Tuesday, November 22, 2011

Risk: Legacy - A New Board Game That Requires You To Deface The Board



Risk: Legacy is coming out this week, and it puts a whole new spin on the Risk series, as well as a spin on modern day board gaming. How? Well first I should warn my fellow gamers because the next sentence is going to hurt.

Over the course of playing the game, you will write on the board, add stickers to it, and destroy some of the cards. 

WHAT!?! If you're still here, let me tell you why. Now I haven't played it myself, but ever since I got an ad from my local game store with the following description.. I've been obsessed.
How will you shape your world? In Risk Legacy, every game you play will change every future game. A decision you make in Game 1 could come back to haunt you in Game 10. The risks you take in Risk Legacy are not like those in any other board game. You and the other players will shape how your world evolves: its history, its cities, even its factions and how they fight. Cards and stickers will come into play. Cards will go out of play forever. You don't forget past betrayals – and neither does the game.
It is such a cool concept and from what I understand, that description barely scratches the surface. Click through the jump for more photos and excerpts from reviews of those lucky enough to already have the game (a/k/a jerks).

So basically, it's a huge Risk battle game, where you mold the world (playing board, cards, character, etc) over the course of 15 games. After the 15th game you have a unique version of Risk, formed by the very games that you have been invested in. It's a wonderful concept; an RPG-ish (evolving gameplay) and somewhat video game-ish (the rewards are presented like Xbox achievements) high quality board game with mass-market appeal. It will be interesting to see how this goes over, but from the early reviews, everyone is very, very positive. Here are a few tidbits.

From Drake's Flames:
I have played the game eight times now, and can confidently say that Risk Legacy is the most exciting game release since the turn of the century. It changes everything about the way games work and is more fun than I can remember a game being in more than a decade.
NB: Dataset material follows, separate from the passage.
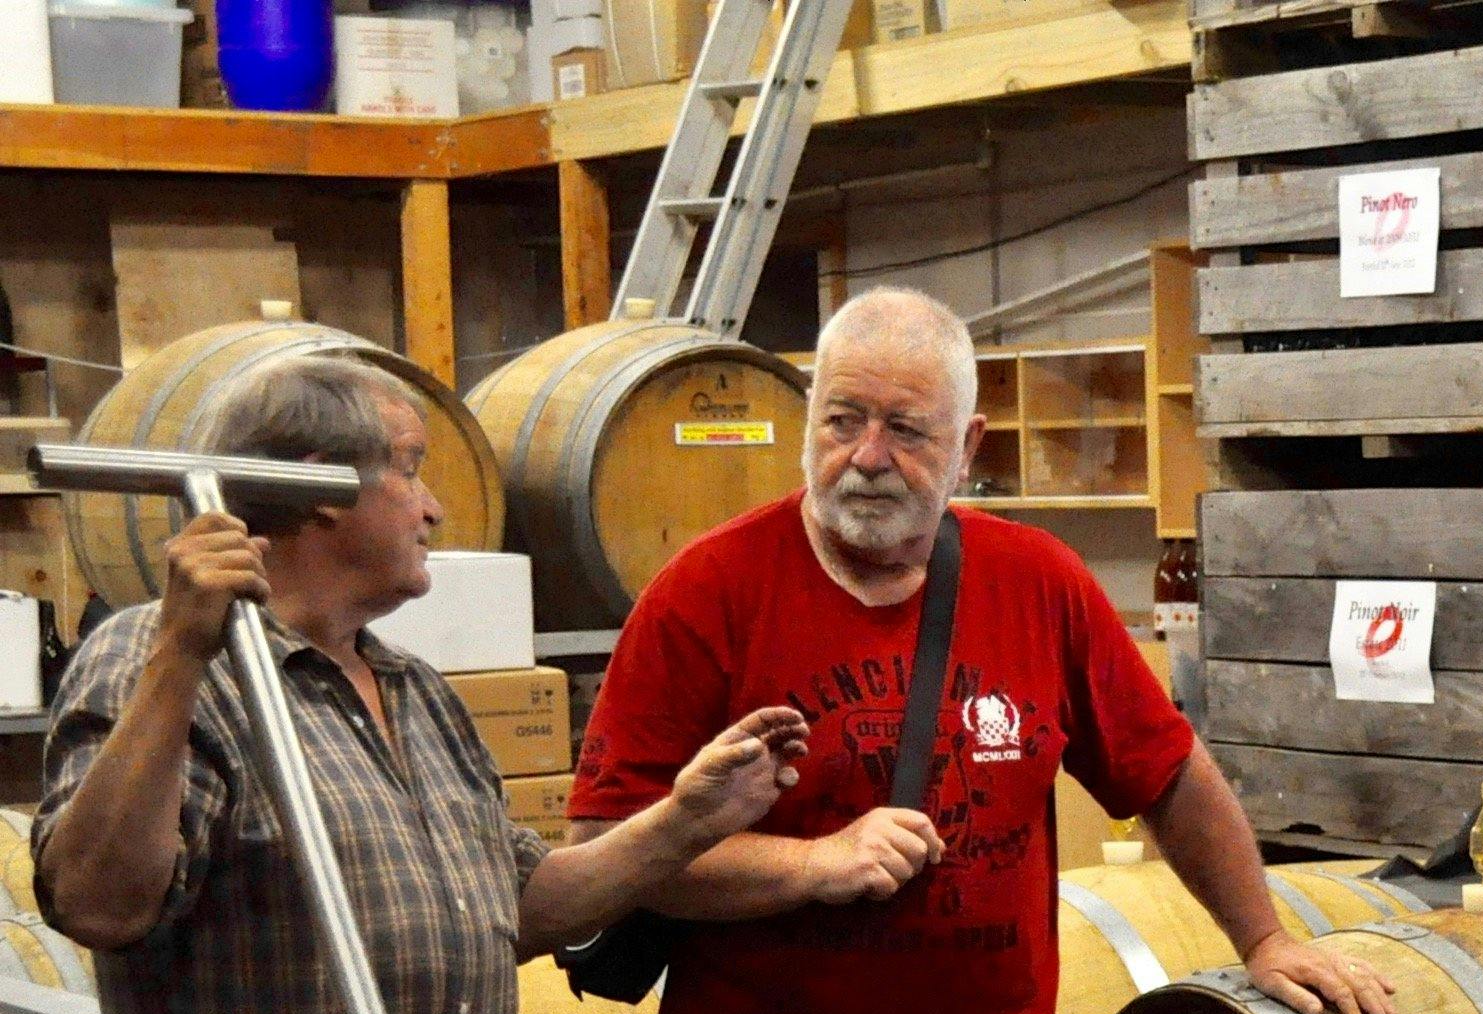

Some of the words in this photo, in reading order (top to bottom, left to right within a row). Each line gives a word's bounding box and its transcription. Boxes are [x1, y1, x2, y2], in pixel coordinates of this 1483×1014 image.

[1360, 195, 1391, 214] Pinot
[1348, 600, 1385, 621] Pinot
[1389, 601, 1419, 621] Noir
If I did rate games, it is with no hesitation whatsoever that I would rate Risk Legacy as the number one game I have owned since I started playing games. 


From BoardGameGeek user SuperflyCircus Pete:
There's also another aspect to changing the game that people have tended to overlook, and it's from a philosophical perspective. A decision that is easily mitigated or can be reversed is not a powerful decision. It's a throw away. It has no real meaning, and there's no lasting repercussions. In this game, the decisions are as real as they get, and more emphasis and weight is duly applied to them.


There's more angst, more tension, and more power wielded by the choices because the decisions are both game-changing and permanent. That's the single most novel thing in this game; it forces you to take all decisions seriously, and think about the long-term consequences of the things you do, the rewards you take, and the powers you wield because they are irrevocable. It's a brilliant way to force players to invest themselves into the universe's setting and the inhabitants therein.


But let's talk a minute about the hows and whys of changing the board. First, when you win the game, you get to name a continent, add a major city that only you can start at during future games, create helpful or hindering terrain for future games, or make some territories more or less valuable. The game itself is a work in progress, and everything ties in seamlessly.



 From Armchair General:
Each faction is a persistent character in your world. Before the first game is played you must permanently add a starting power to each faction. You and your fellow players can collectively decide how each faction will play, a decision that will color a faction’s strategy forever. Faction cards clearly show space for at least four powers, and as packs are opened more powers will become available. In this way, no two sets of factions will be the same. Your copy of Risk: Legacy will have a very different Die Mechaniker than mine.


I'm really hoping to score a copy on Black Friday and start my little campaign immediately. I just need to decide who to play with, or more specifically, to decide who will be the people to shape my game.

So what do you think? After reading the reviews, could you take a Sharpie to your brand new game board?